### Data in this exercise

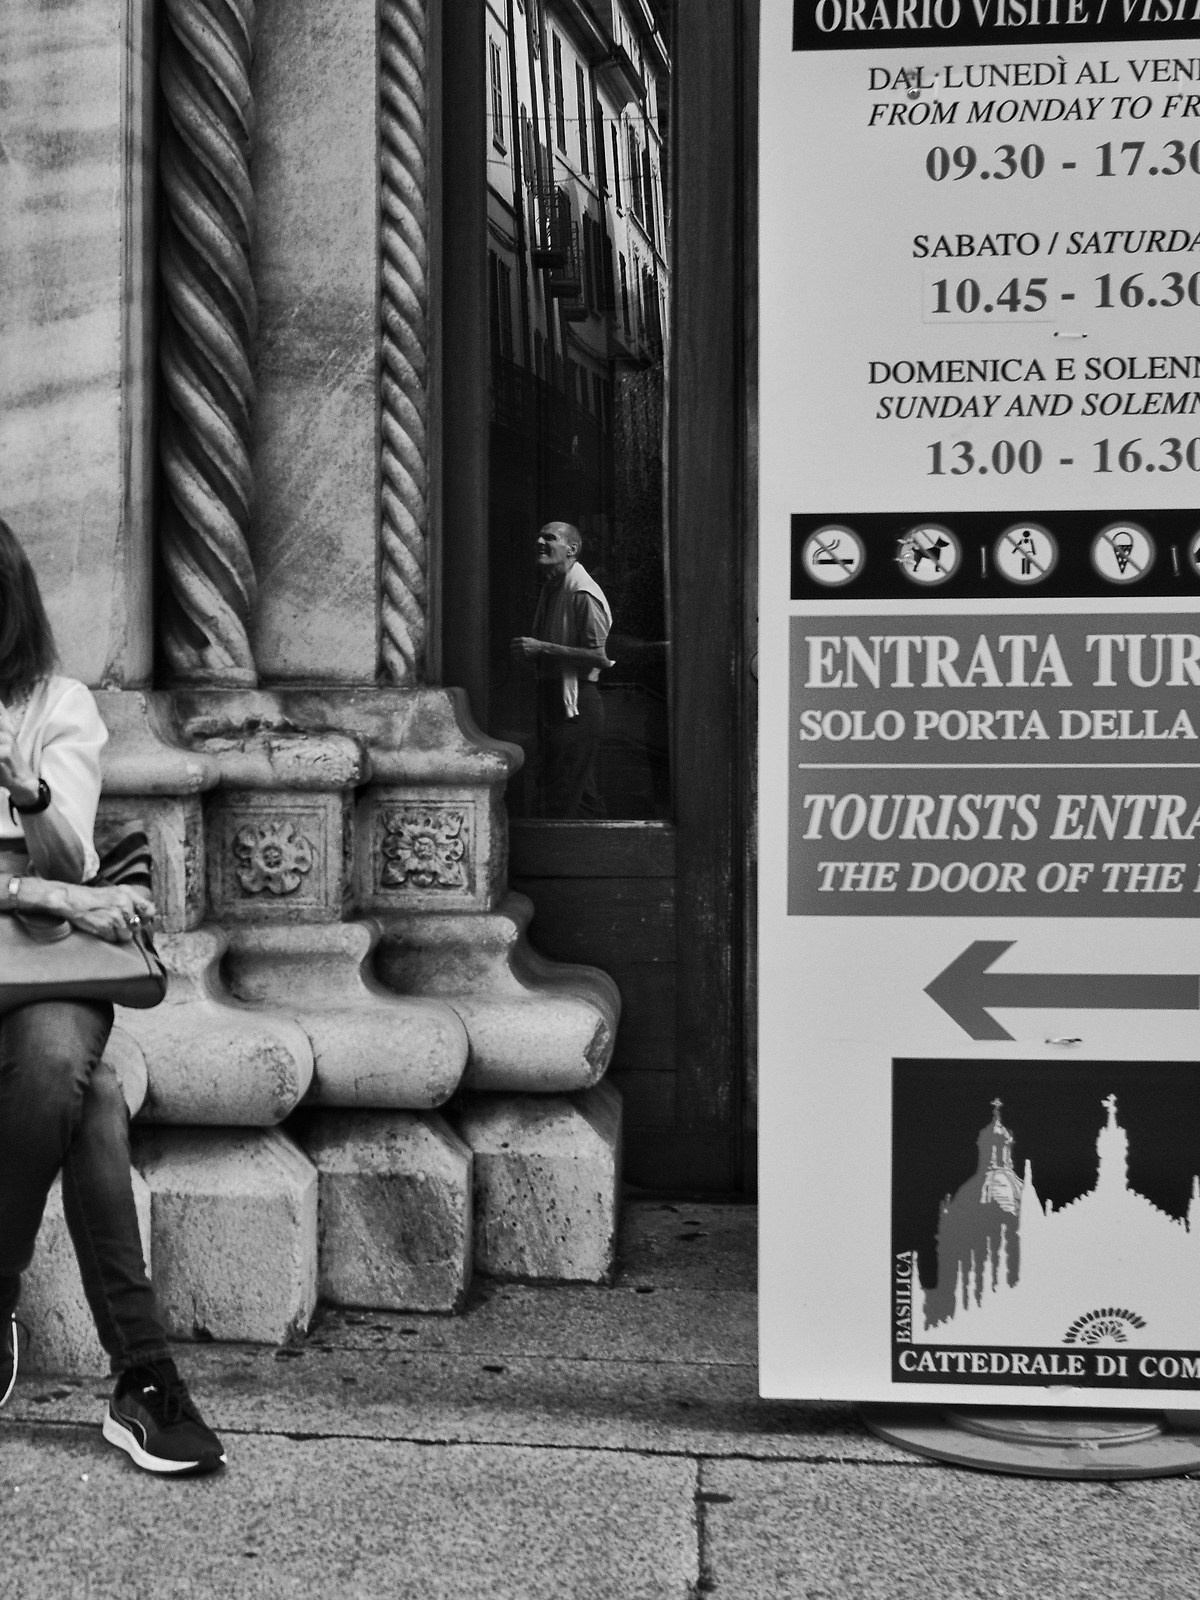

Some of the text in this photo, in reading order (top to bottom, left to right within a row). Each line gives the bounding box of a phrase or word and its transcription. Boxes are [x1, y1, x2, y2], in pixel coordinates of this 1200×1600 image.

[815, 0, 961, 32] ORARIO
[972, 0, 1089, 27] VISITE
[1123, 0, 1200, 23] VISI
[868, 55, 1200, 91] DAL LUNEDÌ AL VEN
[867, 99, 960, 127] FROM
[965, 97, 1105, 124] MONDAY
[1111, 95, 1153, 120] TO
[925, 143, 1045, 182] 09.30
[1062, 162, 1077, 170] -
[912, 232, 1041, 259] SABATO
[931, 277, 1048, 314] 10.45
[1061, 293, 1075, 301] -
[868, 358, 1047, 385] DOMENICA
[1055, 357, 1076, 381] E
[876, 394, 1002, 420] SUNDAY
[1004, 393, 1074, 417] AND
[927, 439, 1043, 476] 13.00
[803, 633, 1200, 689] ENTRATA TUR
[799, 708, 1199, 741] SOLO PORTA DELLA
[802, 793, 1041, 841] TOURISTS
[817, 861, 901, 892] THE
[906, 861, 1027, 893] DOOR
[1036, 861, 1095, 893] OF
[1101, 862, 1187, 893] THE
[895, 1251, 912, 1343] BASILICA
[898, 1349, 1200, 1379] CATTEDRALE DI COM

### Task description
The task requires that every line above be transcribed exactly, without the images.

### Answer section
Some of the text in this photo, in reading order (top to bottom, left to right within a row). Each line gives the bounding box of a phrase or word and its transcription. Boxes are [x1, y1, x2, y2], in pixel coordinates of this 1200×1600 image.

[815, 0, 961, 32] ORARIO
[972, 0, 1089, 27] VISITE
[1123, 0, 1200, 23] VISI
[868, 55, 1200, 91] DAL LUNEDÌ AL VEN
[867, 99, 960, 127] FROM
[965, 97, 1105, 124] MONDAY
[1111, 95, 1153, 120] TO
[925, 143, 1045, 182] 09.30
[1062, 162, 1077, 170] -
[912, 232, 1041, 259] SABATO
[931, 277, 1048, 314] 10.45
[1061, 293, 1075, 301] -
[868, 358, 1047, 385] DOMENICA
[1055, 357, 1076, 381] E
[876, 394, 1002, 420] SUNDAY
[1004, 393, 1074, 417] AND
[927, 439, 1043, 476] 13.00
[803, 633, 1200, 689] ENTRATA TUR
[799, 708, 1199, 741] SOLO PORTA DELLA
[802, 793, 1041, 841] TOURISTS
[817, 861, 901, 892] THE
[906, 861, 1027, 893] DOOR
[1036, 861, 1095, 893] OF
[1101, 862, 1187, 893] THE
[895, 1251, 912, 1343] BASILICA
[898, 1349, 1200, 1379] CATTEDRALE DI COM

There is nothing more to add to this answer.